■ TASK: Every entry is to be set down a second time, precisely as written.

■ DATA TO USE:

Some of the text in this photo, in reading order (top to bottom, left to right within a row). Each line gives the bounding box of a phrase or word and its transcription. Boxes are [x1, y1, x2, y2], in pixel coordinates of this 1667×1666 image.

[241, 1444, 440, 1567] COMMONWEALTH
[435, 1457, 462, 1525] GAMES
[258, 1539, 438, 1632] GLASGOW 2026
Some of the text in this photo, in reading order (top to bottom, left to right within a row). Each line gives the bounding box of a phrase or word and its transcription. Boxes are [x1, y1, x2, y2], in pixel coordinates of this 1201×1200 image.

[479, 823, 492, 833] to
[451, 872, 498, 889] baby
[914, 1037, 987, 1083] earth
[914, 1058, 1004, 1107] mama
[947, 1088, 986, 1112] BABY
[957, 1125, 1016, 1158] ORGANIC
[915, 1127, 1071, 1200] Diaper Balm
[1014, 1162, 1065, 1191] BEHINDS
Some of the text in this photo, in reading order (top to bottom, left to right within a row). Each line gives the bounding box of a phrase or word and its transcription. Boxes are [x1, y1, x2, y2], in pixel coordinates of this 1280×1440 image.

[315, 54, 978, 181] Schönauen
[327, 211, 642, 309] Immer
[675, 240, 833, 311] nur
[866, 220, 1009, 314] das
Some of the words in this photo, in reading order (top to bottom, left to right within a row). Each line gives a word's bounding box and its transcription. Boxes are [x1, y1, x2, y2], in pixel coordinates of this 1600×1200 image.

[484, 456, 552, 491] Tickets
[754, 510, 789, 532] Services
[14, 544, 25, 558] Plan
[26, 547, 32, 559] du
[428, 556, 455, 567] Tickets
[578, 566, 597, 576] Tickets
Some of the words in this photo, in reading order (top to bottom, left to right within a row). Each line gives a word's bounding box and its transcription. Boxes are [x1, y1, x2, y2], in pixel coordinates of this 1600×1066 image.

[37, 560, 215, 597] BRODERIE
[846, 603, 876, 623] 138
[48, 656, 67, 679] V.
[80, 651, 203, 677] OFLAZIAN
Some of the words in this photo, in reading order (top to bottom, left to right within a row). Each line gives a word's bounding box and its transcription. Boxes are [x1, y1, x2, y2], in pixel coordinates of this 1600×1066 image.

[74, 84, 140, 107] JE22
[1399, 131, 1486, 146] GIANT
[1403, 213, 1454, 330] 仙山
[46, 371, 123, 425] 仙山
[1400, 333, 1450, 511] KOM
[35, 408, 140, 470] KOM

■ SOLUTION BELOW:
Some of the text in this photo, in reading order (top to bottom, left to right within a row). Each line gives the bounding box of a phrase or word and its transcription. Boxes are [x1, y1, x2, y2], in pixel coordinates of this 1667×1666 image.

[241, 1444, 440, 1567] COMMONWEALTH
[435, 1457, 462, 1525] GAMES
[258, 1539, 438, 1632] GLASGOW 2026
Some of the text in this photo, in reading order (top to bottom, left to right within a row). Each line gives the bounding box of a phrase or word and its transcription. Boxes are [x1, y1, x2, y2], in pixel coordinates of this 1201×1200 image.

[479, 823, 492, 833] to
[451, 872, 498, 889] baby
[914, 1037, 987, 1083] earth
[914, 1058, 1004, 1107] mama
[947, 1088, 986, 1112] BABY
[957, 1125, 1016, 1158] ORGANIC
[915, 1127, 1071, 1200] Diaper Balm
[1014, 1162, 1065, 1191] BEHINDS
Some of the text in this photo, in reading order (top to bottom, left to right within a row). Each line gives the bounding box of a phrase or word and its transcription. Boxes are [x1, y1, x2, y2], in pixel coordinates of this 1280×1440 image.

[315, 54, 978, 181] Schönauen
[327, 211, 642, 309] Immer
[675, 240, 833, 311] nur
[866, 220, 1009, 314] das
Some of the words in this photo, in reading order (top to bottom, left to right within a row). Each line gives a word's bounding box and its transcription. Boxes are [x1, y1, x2, y2], in pixel coordinates of this 1600×1200 image.

[484, 456, 552, 491] Tickets
[754, 510, 789, 532] Services
[14, 544, 25, 558] Plan
[26, 547, 32, 559] du
[428, 556, 455, 567] Tickets
[578, 566, 597, 576] Tickets
Some of the words in this photo, in reading order (top to bottom, left to right within a row). Each line gives a word's bounding box and its transcription. Boxes are [x1, y1, x2, y2], in pixel coordinates of this 1600×1066 image.

[37, 560, 215, 597] BRODERIE
[846, 603, 876, 623] 138
[48, 656, 67, 679] V.
[80, 651, 203, 677] OFLAZIAN
Some of the words in this photo, in reading order (top to bottom, left to right within a row). Each line gives a word's bounding box and its transcription. Boxes are [x1, y1, x2, y2], in pixel coordinates of this 1600×1066 image.

[74, 84, 140, 107] JE22
[1399, 131, 1486, 146] GIANT
[1403, 213, 1454, 330] 仙山
[46, 371, 123, 425] 仙山
[1400, 333, 1450, 511] KOM
[35, 408, 140, 470] KOM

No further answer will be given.